- [Work request]: Quote all lines below exactly. Images stay out.

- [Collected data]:
----
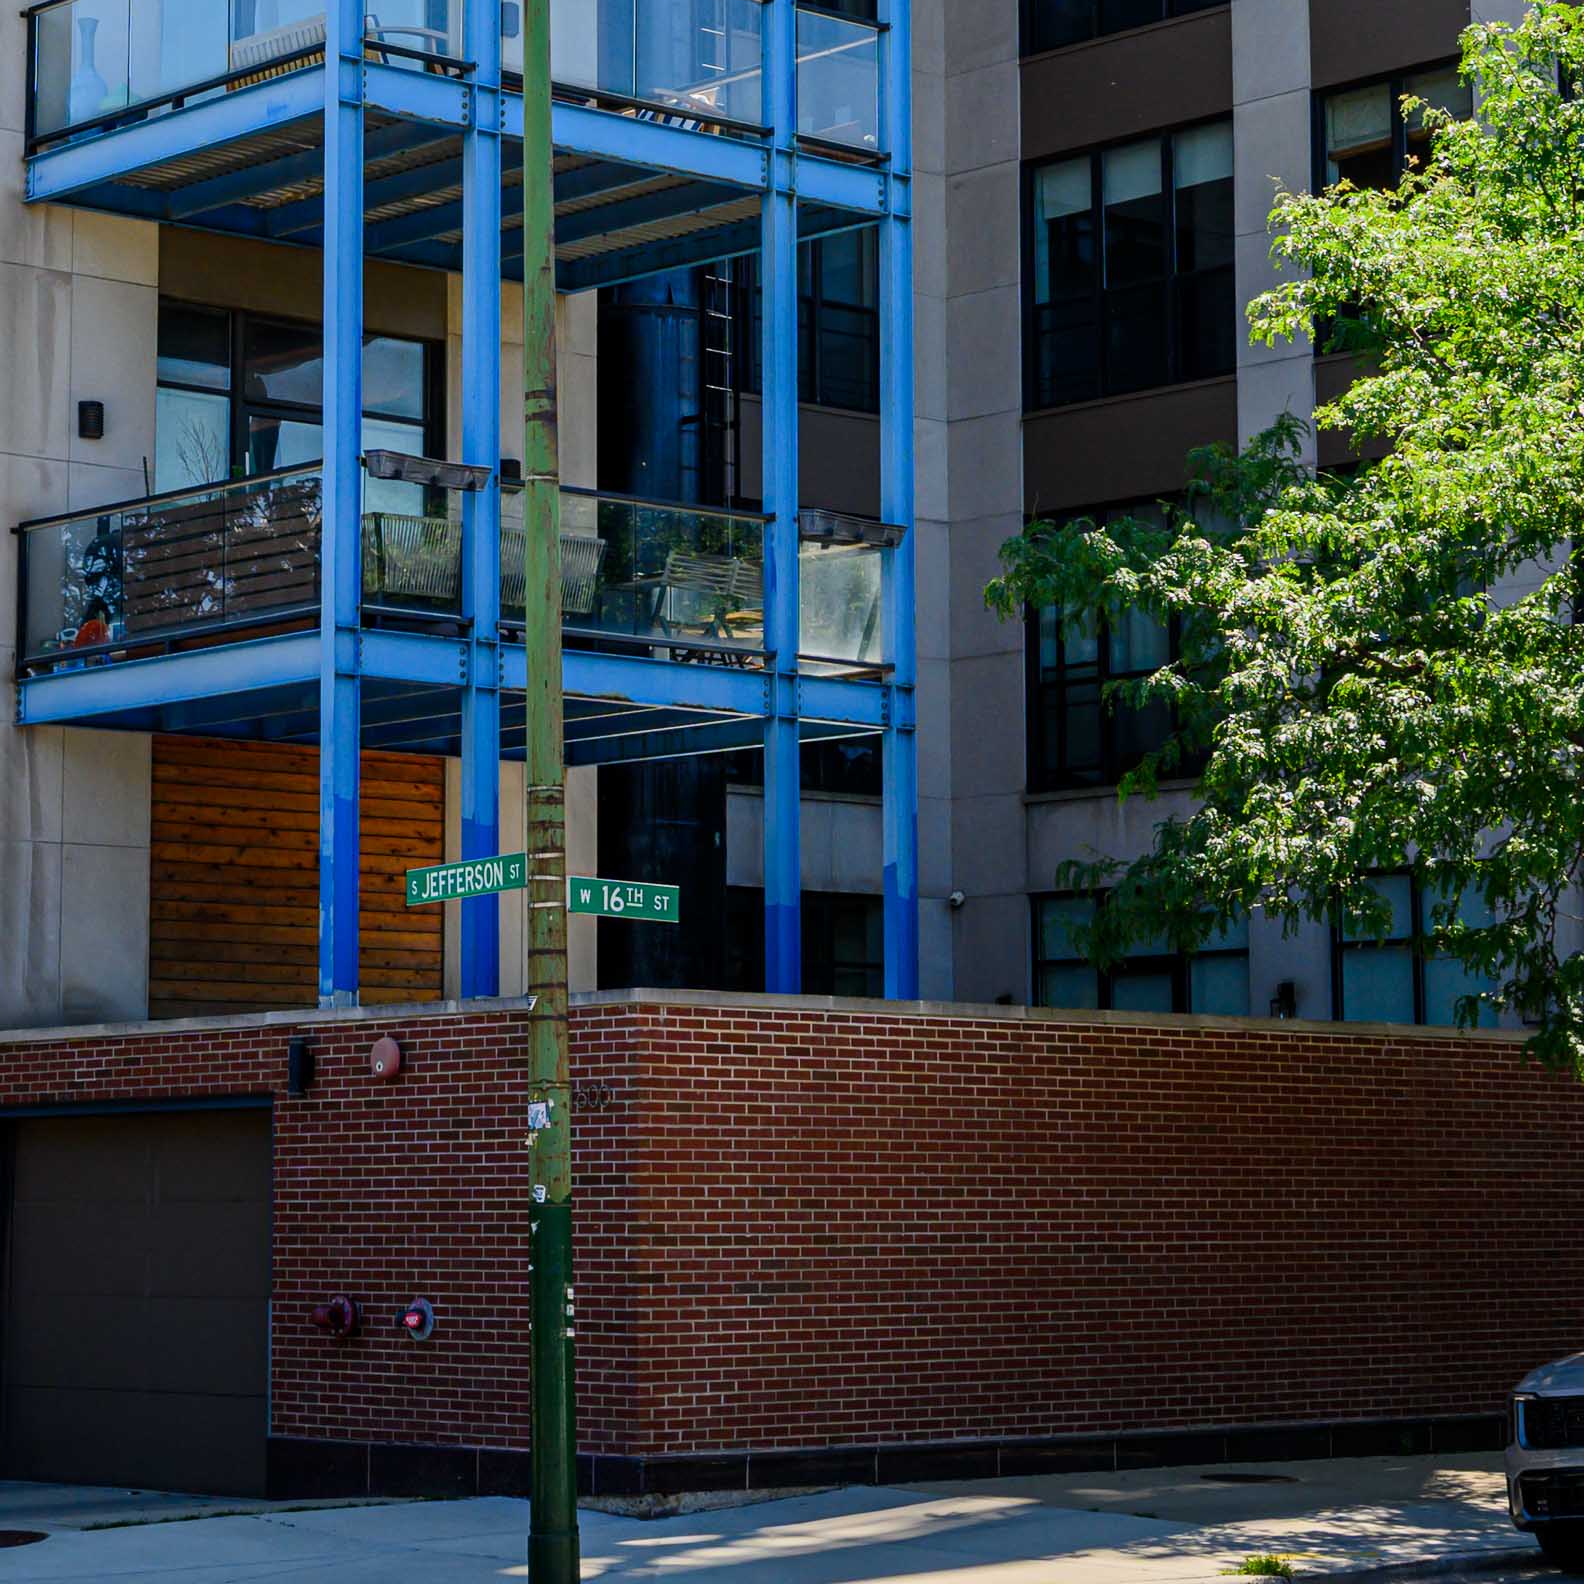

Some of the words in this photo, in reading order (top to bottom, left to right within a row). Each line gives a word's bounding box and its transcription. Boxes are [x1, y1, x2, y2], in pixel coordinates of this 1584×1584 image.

[411, 880, 417, 895] S
[421, 861, 504, 899] JEFFERSON
[509, 863, 520, 880] ST
[580, 888, 591, 904] W
[602, 885, 644, 912] 16TH
[653, 895, 670, 911] ST
----
- [Your solution]:
Some of the words in this photo, in reading order (top to bottom, left to right within a row). Each line gives a word's bounding box and its transcription. Boxes are [x1, y1, x2, y2], in pixel coordinates of this 1584×1584 image.

[411, 880, 417, 895] S
[421, 861, 504, 899] JEFFERSON
[509, 863, 520, 880] ST
[580, 888, 591, 904] W
[602, 885, 644, 912] 16TH
[653, 895, 670, 911] ST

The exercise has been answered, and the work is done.